Solver runs parallel on 3 cores but not on 4 or more cores
 
Hi all,

I am trying to solve a differential equation and I have my own solver with my own boundary conditions. Solver works fine when run serially.

Now I want to run it in parallel. There problem is, I can divide my domain on only 3 processors. When I try to run it on 4 processors or more, I run into floating point exception. But when I remove my custom boundary condition and run with a boundary condition say zeroGradient, solver works fine on any number of processors. Clearly, problem is with boundary conditions.

Question is: why using custom boundary condition is causing program to fail beyond 3 processors?

P.S. I do not have any interpolation term or any term which will cause a floating point exception in boundary condition. Yet, I encounter floating point exception.

Thanks,

Hrushi

hrushi.397 October 21, 2013 06:15

Anyone? Any help?

Henning86 October 21, 2013 07:15

it is possible that with 3 processor the boundary patch isn't divided and is completely in one "processor mesh".
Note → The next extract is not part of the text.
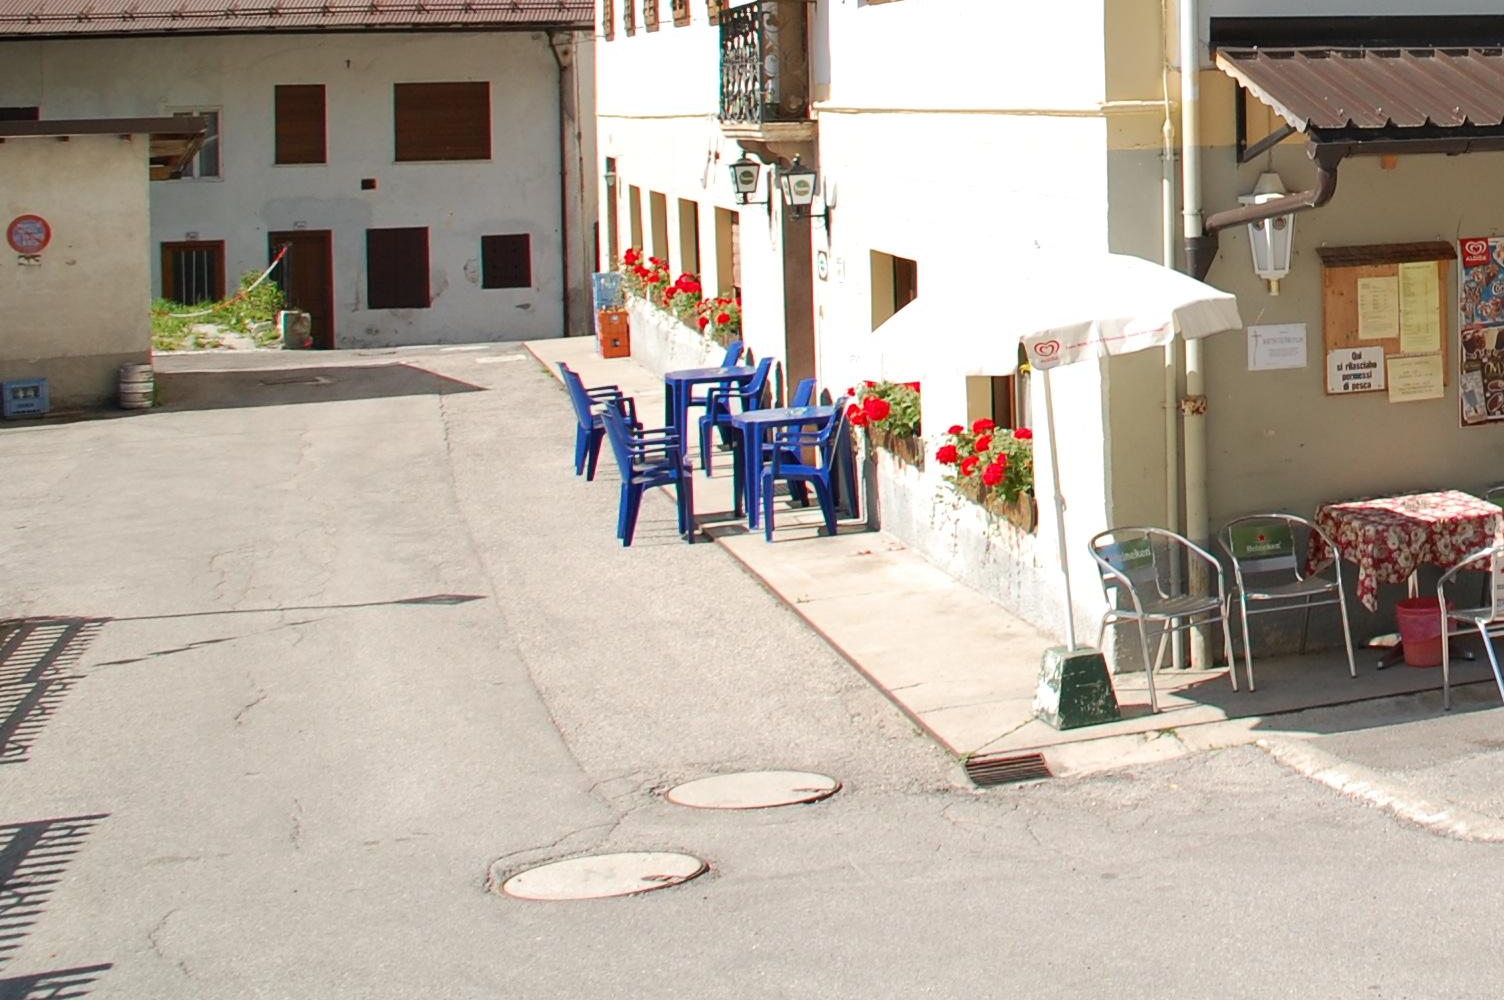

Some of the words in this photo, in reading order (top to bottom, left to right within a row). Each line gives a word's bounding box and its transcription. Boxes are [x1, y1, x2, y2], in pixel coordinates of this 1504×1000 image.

[1352, 351, 1362, 361] Qui
[1345, 361, 1377, 371] rilasciano
[1352, 382, 1371, 391] pesca
With 4 processor your patch is splitted and you get the error.


i've done some programming in parallel it is possible to share some code?

hrushi.397 October 21, 2013 08:03

Hi Henning,

Thank you for the reply. I tried dividing my domain in four subdomains such that the boundary in question lies only in single computational domain. However, I am still getting the same error.

No success yet. : (

I cannot share entire code but I have shared main statement of my boundary condition which I debugged to be the main culprit. Can you/ anyone figure out what is going wrong? As far as I know, there is no variable here that will cause the boundary condition to give floating point exception.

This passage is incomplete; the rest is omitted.